PE investors may go slow on startup funding

This comes at a time when a host of startups in 2016 witnessed layoffs and shutdowns as they failed to scale up to the next level

Paramita Chatterjee
Published: Jan 25, 2017 02:25:47 PM IST
Updated: Jan 25, 2017 05:13:41 PM IST

Image: Shutterstock

After a flurry of investments in the ecommerce sector in the last two years, private equity (PE) fund managers may tighten their purse strings and take cautious steps towards fresh funding in startups that thrive on businesses online.

This comes at a time when a host of startups in 2016 witnessed layoffs and shutdowns as they failed to scale up to the next level.  As per data available with analytics firm Tracxn, as many as 212 startups had to shut shop in 2016 as they failed to scale to the next level. These include names like online grocery startup PepperTap, online beauty startup Amber Wellness and home food delivery startup ZuperMeal. In 2015, the bumper year for startup investments, as many as 140 startups had shut down operations.
 
“Chaos is normal in startups and those who ride through that emerge as winners,” says Arvind Mathur, chairman, Private Equity Pro Partners & Silicon Valley Knowledge Centre. “Since a lot of investor capital has already flown into the startup ecosystem, it’s natural for fund managers to adopt a wait-and-watch policy.”

In 2016, as many as 620 transactions were sealed in the PE/VC space, according to data available with research firm Venture Intelligence. Of this, about 65 percent comprised startup investments. In 2015, the year that created history for the highest amount of PE and VC investments, both by value and volume, of the total of 775 investments sealed in the January-December period that year, 512 were startup deals.

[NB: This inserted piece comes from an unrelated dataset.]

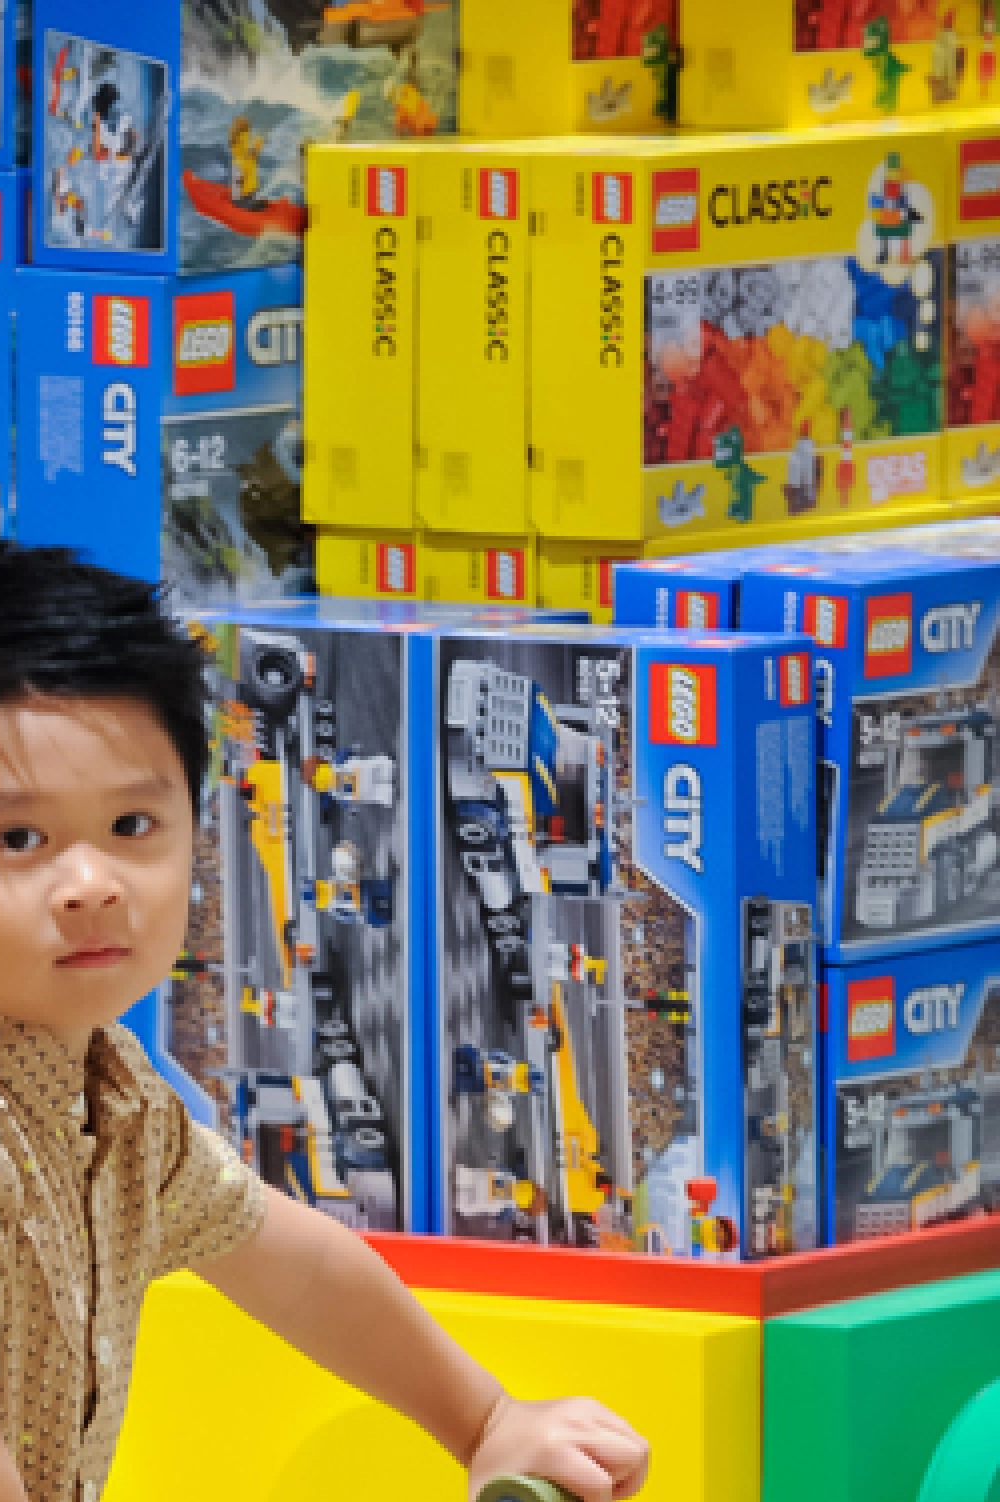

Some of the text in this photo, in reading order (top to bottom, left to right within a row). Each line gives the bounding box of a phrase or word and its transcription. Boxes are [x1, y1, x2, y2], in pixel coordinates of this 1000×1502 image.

Startup investments started picking up in the country over the last 2-3 years with young entrepreneurs - some of them are first time into business - catching the fancy of fund managers. So, what went wrong? While the number of startups is mushrooming in the country, some early-stage businesses are not being able to transform initial consumer interest into revenue flows, according to experts. Today, most startups are gripped with similar issues: How to get enough margins, how to be price competitive and how to keep customer acquisition costs low.

In the US, 70-80 percent of startups fail. “As long as 1 out of 10 startups succeeds, the purpose is served. That’s the beauty of the startup ecosystem,” said Mathur.